In short, the German company had fallen foul of fraud to the extent that it actually went into insolvency. If a global behemoth of a company like Wirecard can be undone by fraud, so can your small business.
Fortunately though, improving the security of your small business and safeguarding against fraud is a somewhat easier task than fraud-proofing a multi-billion-dollar company.
Read on to find out the five steps you can take today to protect your small business from fraud.
Invest in Fraud Prevention Software
One of the most common frauds in the USA is payment fraud. This most commonly occurs when clients attempt to pay for goods or services with counterfeit checks or bills.
Fortunately QuickBooks have a number of tools that you can utilise to ensure that all checks you receive as a business are secure and safe.
Complete Regular Audits
A chain is only as strong as its weakest link. You could have the best security software on the planet and still fall victim to fraud if your entire business output isn’t ship shape and shiny.
To improve the strength of your weakest link conduct regular audits into all of your financial processes. Look for areas in which things could be streamlined or made more secure. Read up on the latest scams and frauds on government websites and ensure your business is not susceptible to fraudsters.
It is frightening how many people use devices that aren’t password protected. Your mobile device, your tablet and your computer all contain private, sensitive data that hackers and fraudsters could use to con you out of money.
If you don’t have a password on them or if you’re using a weak password like your cat’s name or your favourite sports team then you’re effectively leaving the front door wide open to cyber criminals.
Enforce a password policy on every device in your small business and make sure that they are updated at regular intervals.
Unless your small business is based in the world of cybersecurity then you’re likely not going to be an expert on the world of online fraud and security. That’s ok. What’s not ok though is thinking that you can wing it when it comes to cybersecurity.
If you have a website and that website is used for transactions or simply just as a place where customers can share information with you, you need to be prioritising cybersecurity. You can’t do that by watching a couple of YouTube videos and opening an account with Square Space.
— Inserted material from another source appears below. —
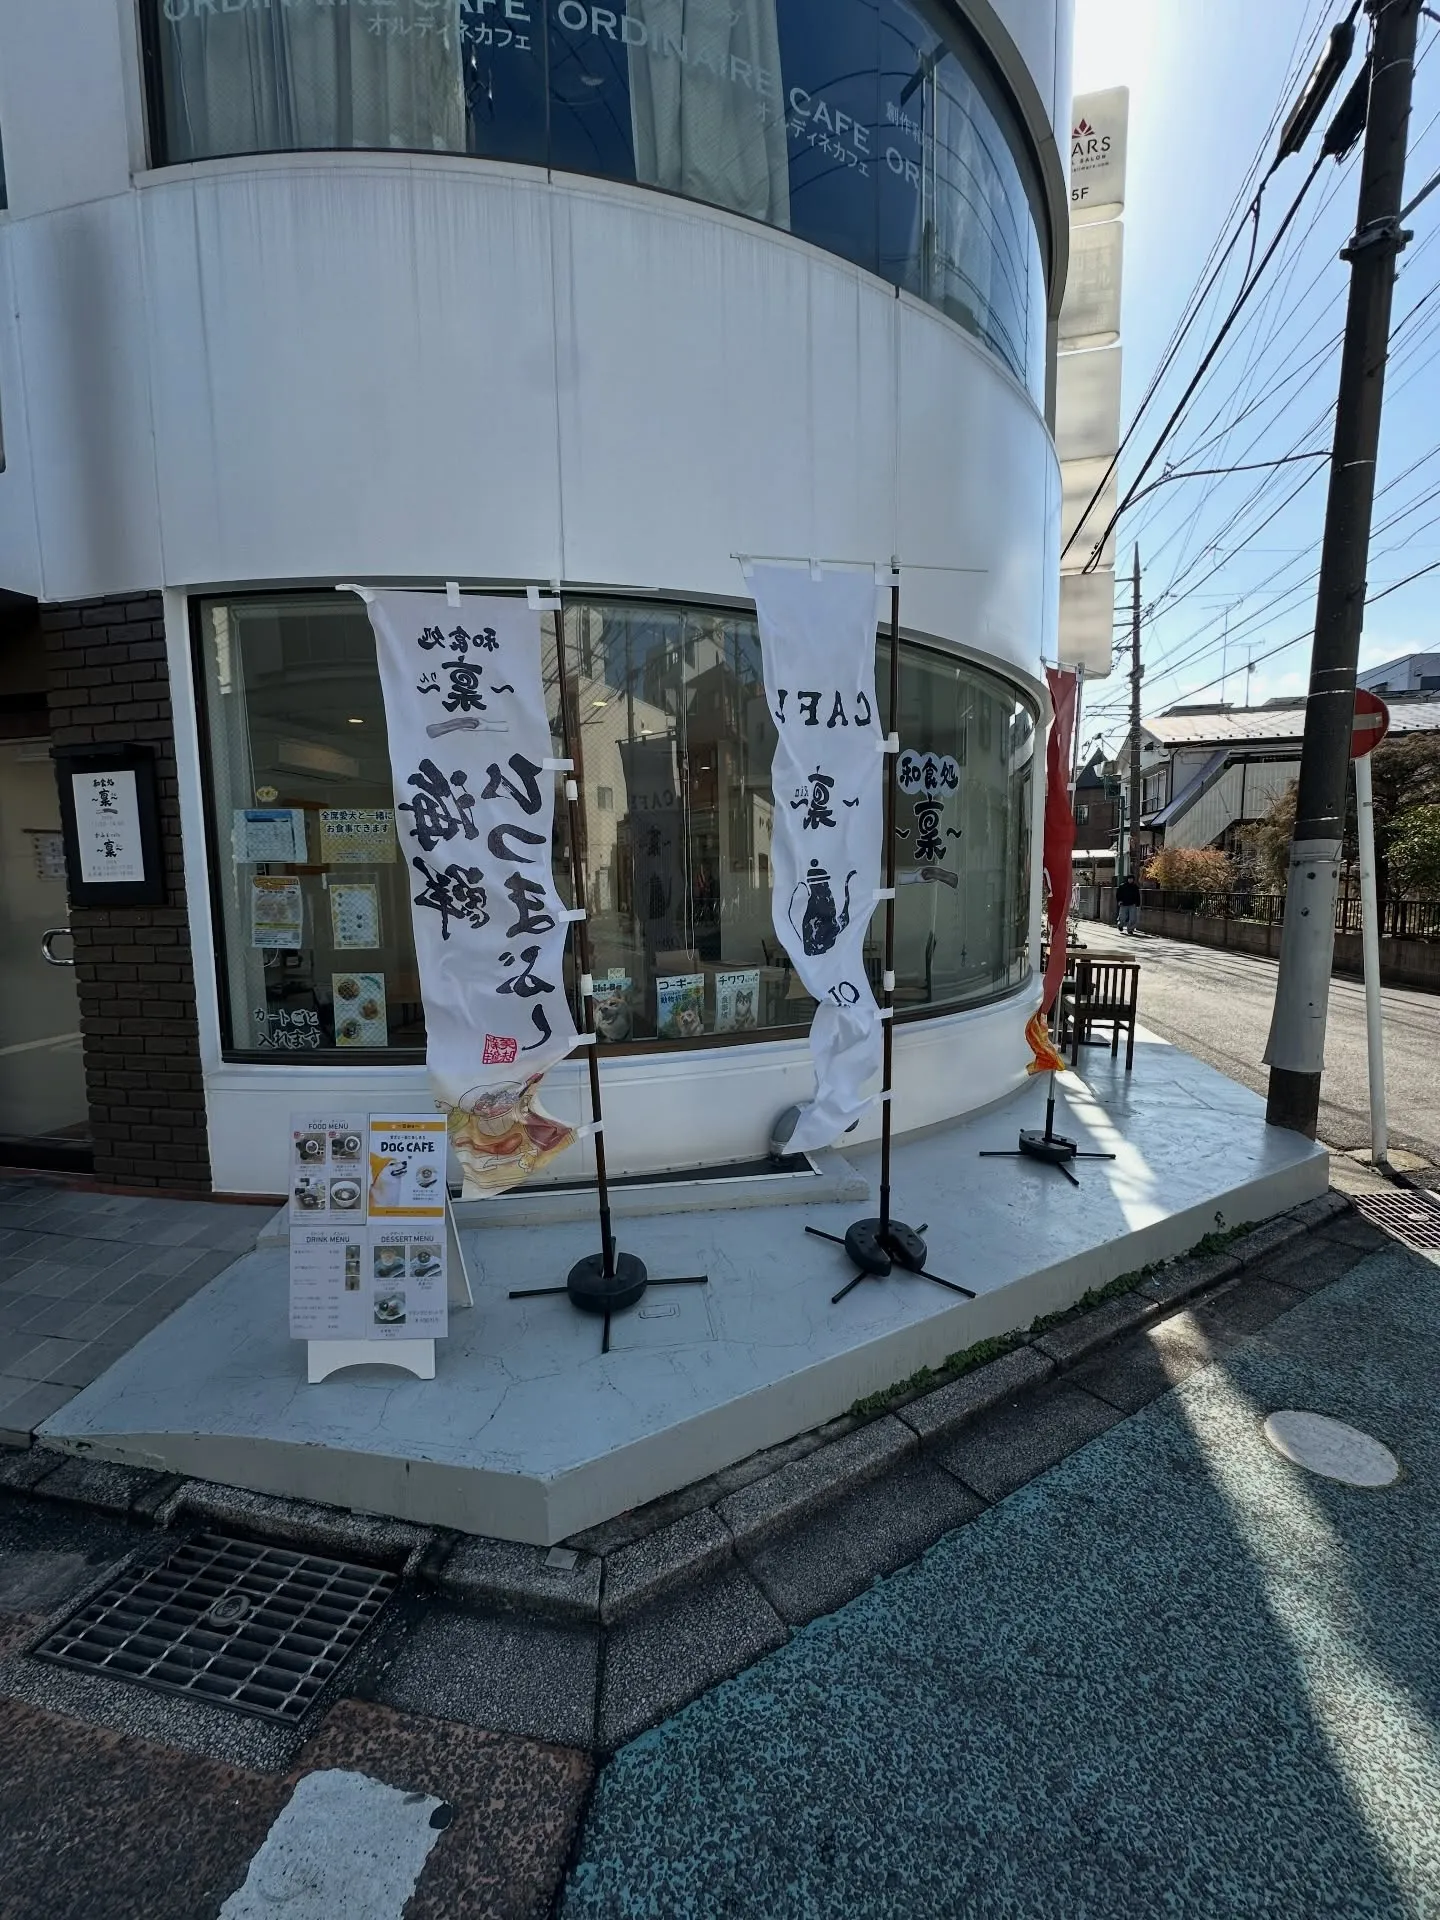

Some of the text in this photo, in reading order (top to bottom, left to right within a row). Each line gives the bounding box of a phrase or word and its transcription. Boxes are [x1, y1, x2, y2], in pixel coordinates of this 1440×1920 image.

You’ll save money in the long run by paying an expert company to look after your website and online security.
We’re not talking about those annoying websites that text a code to your phone every time you try to log-in, rather, we’re talking about good old fashioned two-factor authentication.
Get at least two staff members to sign off on every financial transaction, outgoing or incoming, to minimise the chances of one person falling foul to a fraudster. When a client pays with large cash denominations check the bills yourself and ask a colleague to double check them.
When a supplier needs paying, ask your staff to come to you for sign-off before the money can be transferred. It might sound like an extra layer of bureaucracy but it’s in fact an extra layer of security.